None of this makes shopping for salmon a simple exercise. Though farmed salmon is not as cheap as it was, the wild fish may still be up to five times more expensive — and it will be hard to convince oneself that it is five times better. The best bet may be to go for the fish that has been farmed in open, northerly waters and pay around £6 a pound for steaks or fillets. Some of the cheaper salmon will have an unpleasantly ‘fishy’ or oily smell and flavour, possibly due to an excess of sand-eel protein in its diet. (It is a mistake to imagine that salmon was always a luxury until the advent of farmed fish. In the 18th century it was often written into the contracts of servants and apprentices that they should not have to eat salmon more than twice a week.) I know there are those — my wife was one — who hold that a salmon should only be cooked in one way: poached in a fish kettle, then eaten with new potatoes, sliced cucumber and a stiff mayonnaise. She would also insist, quite rightly, that salmon must be undercooked, most easily by bringing the water to the boil, simmering the fish gently for five minutes, then taking it off the heat and leaving it in the water for another 20 minutes.

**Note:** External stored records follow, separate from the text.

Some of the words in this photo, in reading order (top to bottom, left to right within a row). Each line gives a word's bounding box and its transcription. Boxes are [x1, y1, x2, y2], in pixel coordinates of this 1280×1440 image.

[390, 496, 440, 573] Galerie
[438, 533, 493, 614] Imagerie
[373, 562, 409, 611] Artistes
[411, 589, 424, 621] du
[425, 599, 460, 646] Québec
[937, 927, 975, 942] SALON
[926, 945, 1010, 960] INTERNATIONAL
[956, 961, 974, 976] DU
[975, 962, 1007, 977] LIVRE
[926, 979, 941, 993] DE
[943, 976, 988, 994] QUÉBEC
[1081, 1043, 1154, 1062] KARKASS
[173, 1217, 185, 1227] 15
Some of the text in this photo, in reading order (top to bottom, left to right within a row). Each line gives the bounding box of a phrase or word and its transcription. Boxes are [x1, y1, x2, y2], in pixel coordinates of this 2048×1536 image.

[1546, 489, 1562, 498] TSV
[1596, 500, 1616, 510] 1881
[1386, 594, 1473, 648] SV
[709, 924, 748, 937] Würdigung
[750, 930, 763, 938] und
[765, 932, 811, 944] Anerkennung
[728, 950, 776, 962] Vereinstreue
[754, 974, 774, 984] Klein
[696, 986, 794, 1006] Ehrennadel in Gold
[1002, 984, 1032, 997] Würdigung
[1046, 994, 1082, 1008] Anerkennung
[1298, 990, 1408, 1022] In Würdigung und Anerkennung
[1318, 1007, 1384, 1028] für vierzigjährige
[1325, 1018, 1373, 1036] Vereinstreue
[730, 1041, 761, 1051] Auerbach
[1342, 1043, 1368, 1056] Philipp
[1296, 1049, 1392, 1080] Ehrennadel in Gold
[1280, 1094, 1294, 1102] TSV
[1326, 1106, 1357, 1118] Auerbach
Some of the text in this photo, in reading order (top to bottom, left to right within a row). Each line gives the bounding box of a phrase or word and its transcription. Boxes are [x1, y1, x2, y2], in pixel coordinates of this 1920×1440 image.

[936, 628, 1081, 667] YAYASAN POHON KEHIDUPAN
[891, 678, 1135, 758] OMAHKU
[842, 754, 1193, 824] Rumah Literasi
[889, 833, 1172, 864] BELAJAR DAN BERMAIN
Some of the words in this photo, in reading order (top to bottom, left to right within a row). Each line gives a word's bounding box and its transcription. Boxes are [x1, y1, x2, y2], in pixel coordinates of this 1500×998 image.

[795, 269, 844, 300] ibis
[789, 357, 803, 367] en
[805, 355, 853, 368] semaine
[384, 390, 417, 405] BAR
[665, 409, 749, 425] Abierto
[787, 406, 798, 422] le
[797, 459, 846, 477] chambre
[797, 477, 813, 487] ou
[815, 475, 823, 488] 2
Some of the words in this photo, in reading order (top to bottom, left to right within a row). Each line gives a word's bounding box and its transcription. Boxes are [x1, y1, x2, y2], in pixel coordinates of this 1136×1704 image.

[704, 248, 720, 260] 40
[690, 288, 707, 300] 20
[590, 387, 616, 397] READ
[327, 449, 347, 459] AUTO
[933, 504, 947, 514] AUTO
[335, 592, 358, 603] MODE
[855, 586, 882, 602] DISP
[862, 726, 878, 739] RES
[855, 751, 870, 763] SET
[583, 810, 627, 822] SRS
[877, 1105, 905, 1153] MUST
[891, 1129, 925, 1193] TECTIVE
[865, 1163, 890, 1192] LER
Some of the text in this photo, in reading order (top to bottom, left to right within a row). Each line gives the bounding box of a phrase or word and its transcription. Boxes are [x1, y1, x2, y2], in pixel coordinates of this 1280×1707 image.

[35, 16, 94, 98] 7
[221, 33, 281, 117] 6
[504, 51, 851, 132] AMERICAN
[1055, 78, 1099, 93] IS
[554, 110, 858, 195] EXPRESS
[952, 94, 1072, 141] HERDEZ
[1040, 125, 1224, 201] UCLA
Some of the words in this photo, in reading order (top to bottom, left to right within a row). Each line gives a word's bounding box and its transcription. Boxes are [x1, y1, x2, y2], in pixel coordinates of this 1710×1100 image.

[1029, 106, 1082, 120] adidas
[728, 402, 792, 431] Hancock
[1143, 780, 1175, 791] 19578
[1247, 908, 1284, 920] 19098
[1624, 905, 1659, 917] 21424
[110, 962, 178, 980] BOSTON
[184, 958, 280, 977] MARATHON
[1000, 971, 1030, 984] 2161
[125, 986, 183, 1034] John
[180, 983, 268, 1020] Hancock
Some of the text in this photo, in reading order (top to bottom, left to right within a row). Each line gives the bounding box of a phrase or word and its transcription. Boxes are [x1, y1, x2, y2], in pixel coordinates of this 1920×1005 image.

Of the various ways of dealing with boned pieces of salmon, it is hard to beat the recipe famously invented by the Troisgros brothers at their three-starred restaurant in Roanne. The fish is briefly grilled and accompanied by a sorrel sauce, made by first reducing fish stock, wine and vermouth, then adding double cream, with a further reduction, chopped sorrel leaves and butter with the aid of a whisk. Salmon fish-cakes are another near-classic, and best made without potato. The cooked and flaked fish should be combined with a white sauce, adding an egg yolk and chopped parsley or chives. Let the mixture cool before forming the cakes, coating them in breadcrumbs and frying them. The Russian fish pie known as ‘coulibiac’ (variously spelt) is also a great favourite, but rather too time-consuming to make often at home. Salmon kedgeree is less successful, I find, than one made with smoked haddock.
I’m not sure I would always be able to tell the difference between wild and farmed salmon when smoked; the important thing is that the smoked fish should not be dry and it must be thinly sliced. It would be no hardship to me to eat a few slices of the best smoked salmon, with lemon juice and black pepper, every day for the rest of my life. While this remains an idle dream, I may instead celebrate this midsummer season with the pale and delectable flesh of the wild salmon, and ‘Foremost’ new potatoes cooked with fresh mint.